**The task:**
Each record is to be copied exactly, with its pictures left behind.
□ □ □
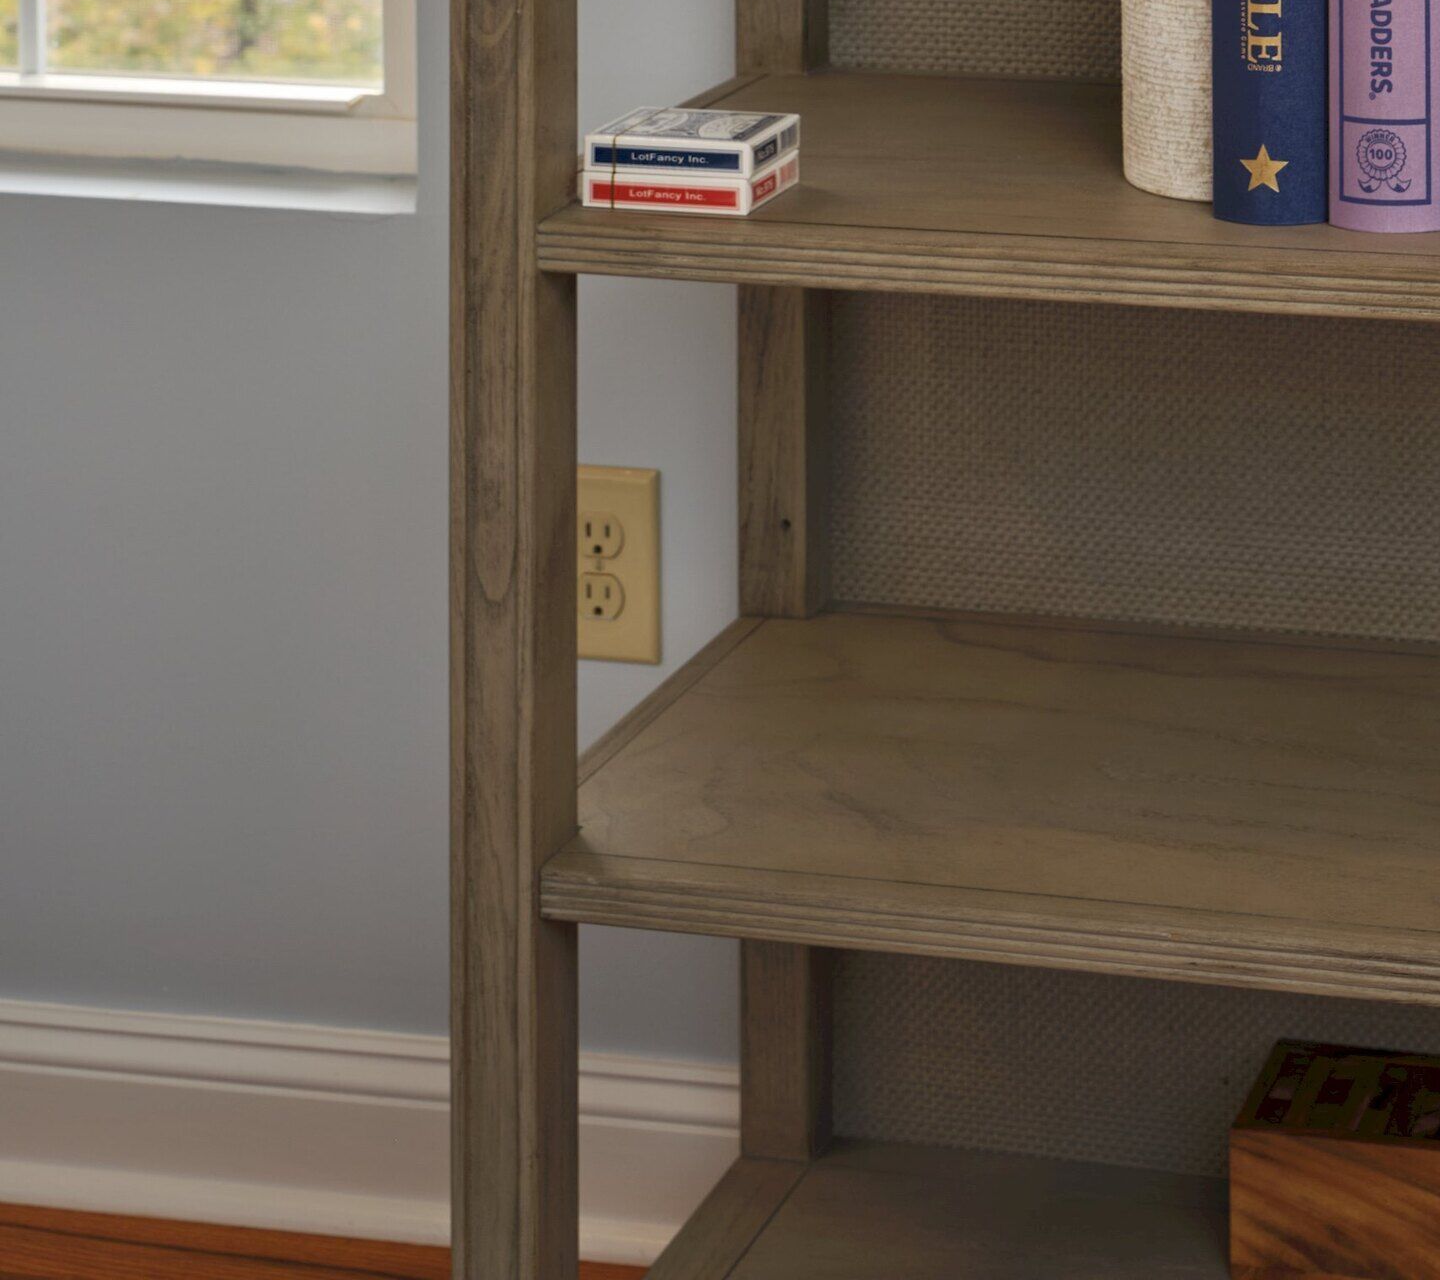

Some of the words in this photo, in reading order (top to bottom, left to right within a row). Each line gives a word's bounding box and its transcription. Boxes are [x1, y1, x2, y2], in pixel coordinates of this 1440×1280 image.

[631, 153, 684, 164] LotFancy
[688, 155, 709, 163] Inc.
[1370, 149, 1392, 159] 100
[629, 190, 681, 200] LotFancy
[685, 192, 706, 200] Inc.
□ □ □
**Task solution:**
Some of the words in this photo, in reading order (top to bottom, left to right within a row). Each line gives a word's bounding box and its transcription. Boxes are [x1, y1, x2, y2], in pixel coordinates of this 1440×1280 image.

[631, 153, 684, 164] LotFancy
[688, 155, 709, 163] Inc.
[1370, 149, 1392, 159] 100
[629, 190, 681, 200] LotFancy
[685, 192, 706, 200] Inc.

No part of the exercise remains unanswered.